La visita del Papa León XIV a España ha sido un acontecimiento histórico que ha dejado una profunda huella en la Iglesia y en toda la sociedad. Durante estos días, colaboradores, profesionales, hermanas, personas usuarias, voluntariado y Jóvenes Hospitalarios participaron en distintos encuentros y celebraciones, viviendo una experiencia marcada por la fe, la esperanza y el sentido de comunidad.
La presencia del Santo Padre ha sido una invitación a mirar más allá de las diferencias y a construir una sociedad más humana, fraterna y comprometida con las personas más vulnerables. Entre los mensajes que más resonaron durante su visita destaca su llamada a construir comunidades donde nadie se sienta excluido. En este sentido, León XIV recordó que «la Iglesia está llamada a ser una casa donde todos puedan sentirse acogidos, escuchados y amados», una afirmación que conecta profundamente con la misión de Hermanas Hospitalarias. Cada día, en nuestros centros y servicios, trabajamos para hacer realidad esa hospitalidad que pone a la persona en el centro, reconoce su dignidad y acompaña su camino con cercanía, respeto y esperanza.

Las palabras del Papa resonaron especialmente entre quienes forman parte de la misión hospitalaria. Su insistencia en la necesidad de promover una cultura del encuentro, fortalecer los vínculos de fraternidad y cuidar de quienes más sufren constituye una llamada que conecta profundamente con el espíritu de hospitalidad que inspira nuestra labor diaria.
Los Jóvenes Hospitalarios vivieron con entusiasmo esta experiencia de Iglesia universal, compartiendo espacios de oración, celebración y convivencia junto a miles de jóvenes. Para muchos de ellos, este encuentro ha supuesto una oportunidad para fortalecer su fe y renovar su compromiso con una sociedad más humana, solidaria e inclusiva.
Asimismo, la participación de personas usuarias de nuestros centros hizo visible una Iglesia abierta y acogedora, donde cada persona tiene un lugar y donde la dignidad humana es reconocida y valorada. Su presencia fue un testimonio de fortaleza, superación y esperanza, valores que forman parte del corazón de la Hospitalidad.

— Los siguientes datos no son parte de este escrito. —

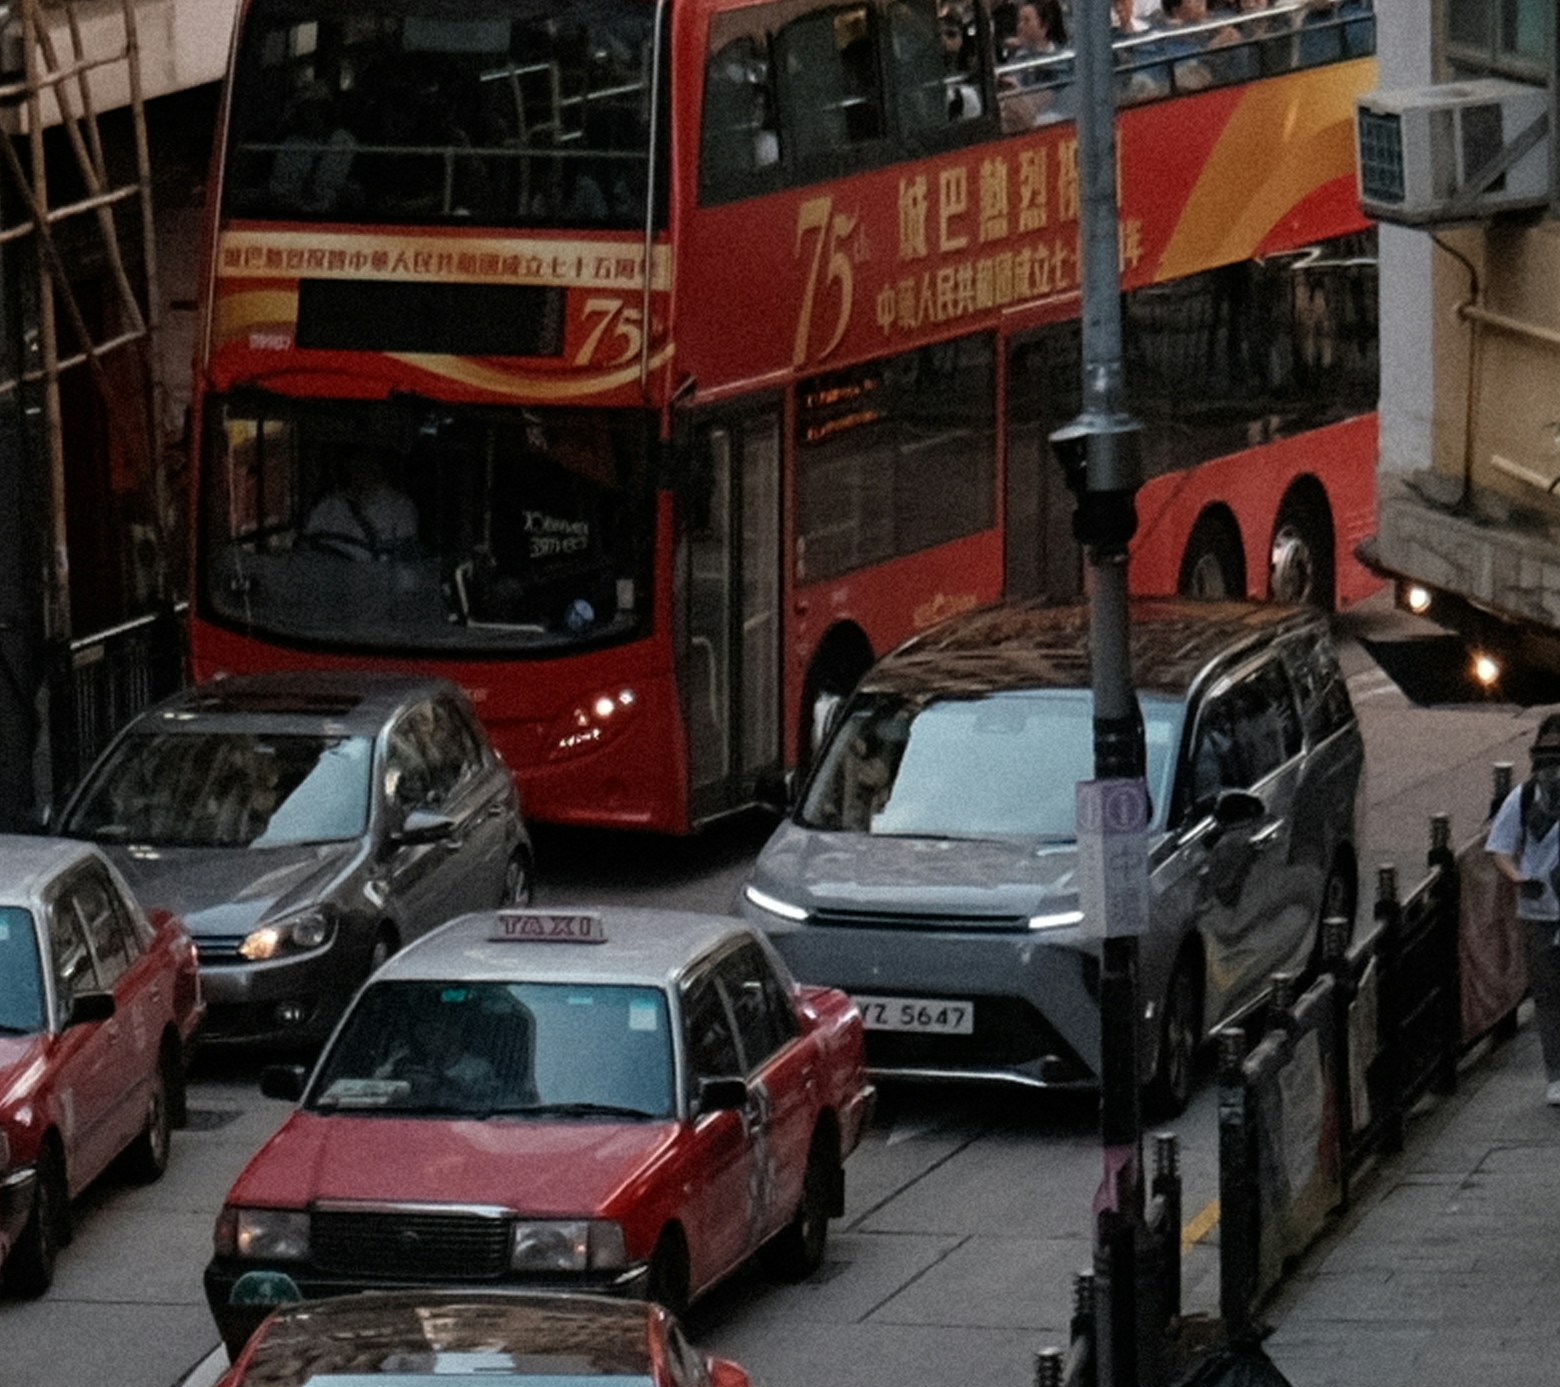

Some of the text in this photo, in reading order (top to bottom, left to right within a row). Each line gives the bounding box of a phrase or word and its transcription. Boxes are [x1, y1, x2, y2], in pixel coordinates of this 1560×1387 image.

[899, 137, 1122, 261] 城巴熱烈祝
[500, 916, 592, 937] TAXI
[900, 1005, 967, 1029] 5647
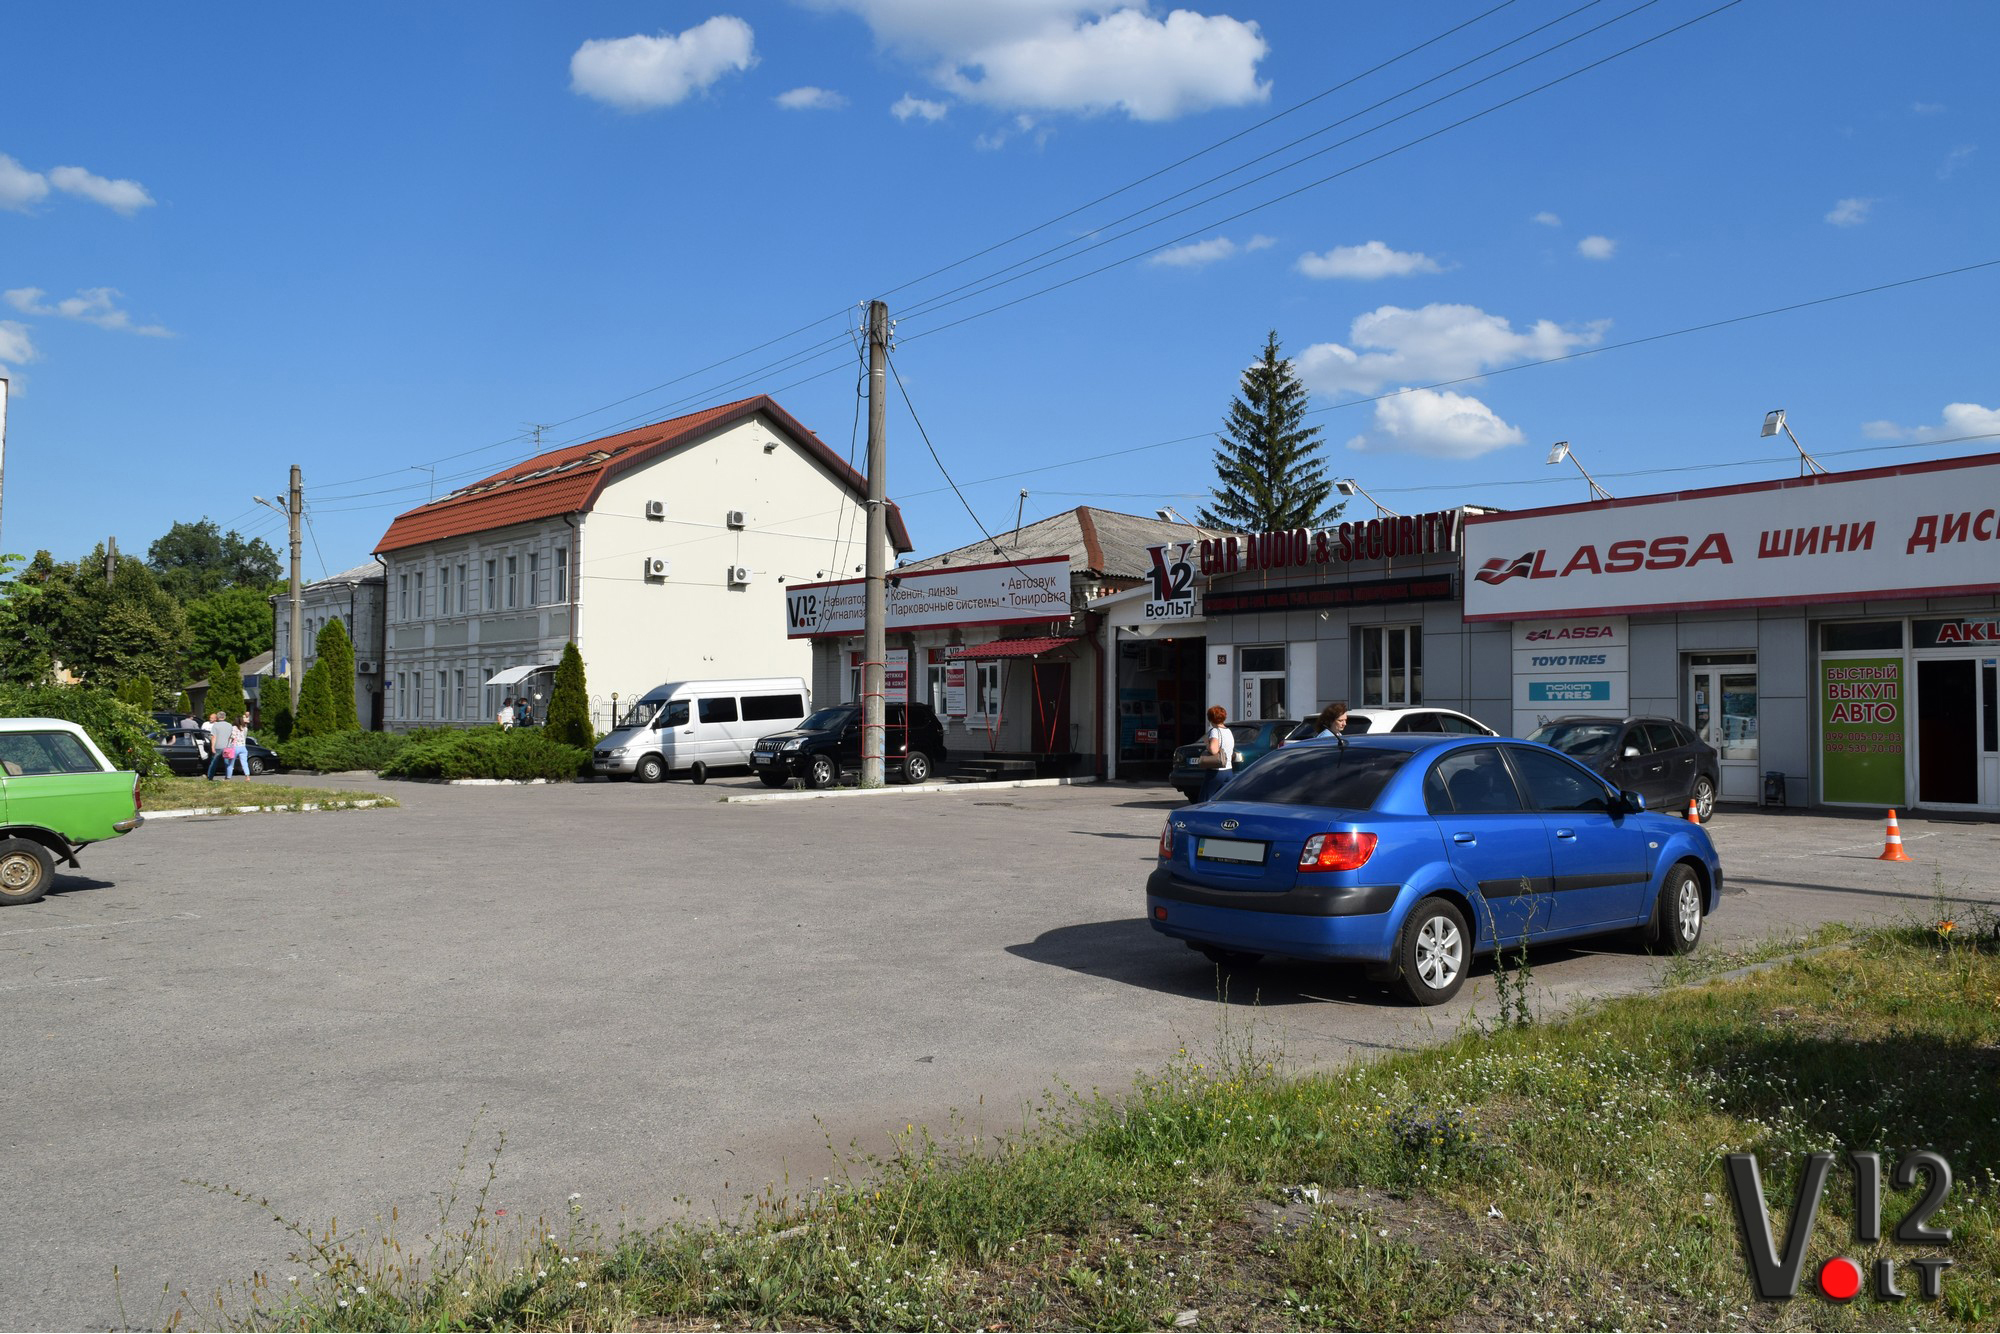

También los profesionales, colaboradores y voluntarios que forman parte de la misión hospitalaria encontraron en las palabras del Santo Padre una inspiración para seguir desarrollando su labor desde la cercanía, la escucha y el respeto. Su trabajo cotidiano refleja el compromiso de cuidar a cada persona desde una atención integral que contempla no solo sus necesidades, sino también sus capacidades, sueños y proyecto de vida.
La visita de León XIV ha sido, además, una oportunidad para fortalecer los lazos que unen a toda la Familia Hospitalaria y para recordar que la hospitalidad sigue siendo una respuesta necesaria ante los desafíos de nuestro tiempo. En un mundo marcado a menudo por la indiferencia y la soledad, la acogida y el acompañamiento se convierten en signos concretos de esperanza.
La visita del Papa León XIV deja una invitación clara a seguir construyendo una cultura del encuentro, del cuidado y de la fraternidad. Como Familia Hospitalaria, acogemos este mensaje con gratitud y renovamos nuestro compromiso de ser espacios donde cada persona pueda sentirse, como expresó el Santo Padre, acogida, escuchada y amada. Porque la hospitalidad sigue siendo hoy una forma concreta de anunciar esperanza allí donde más se necesita.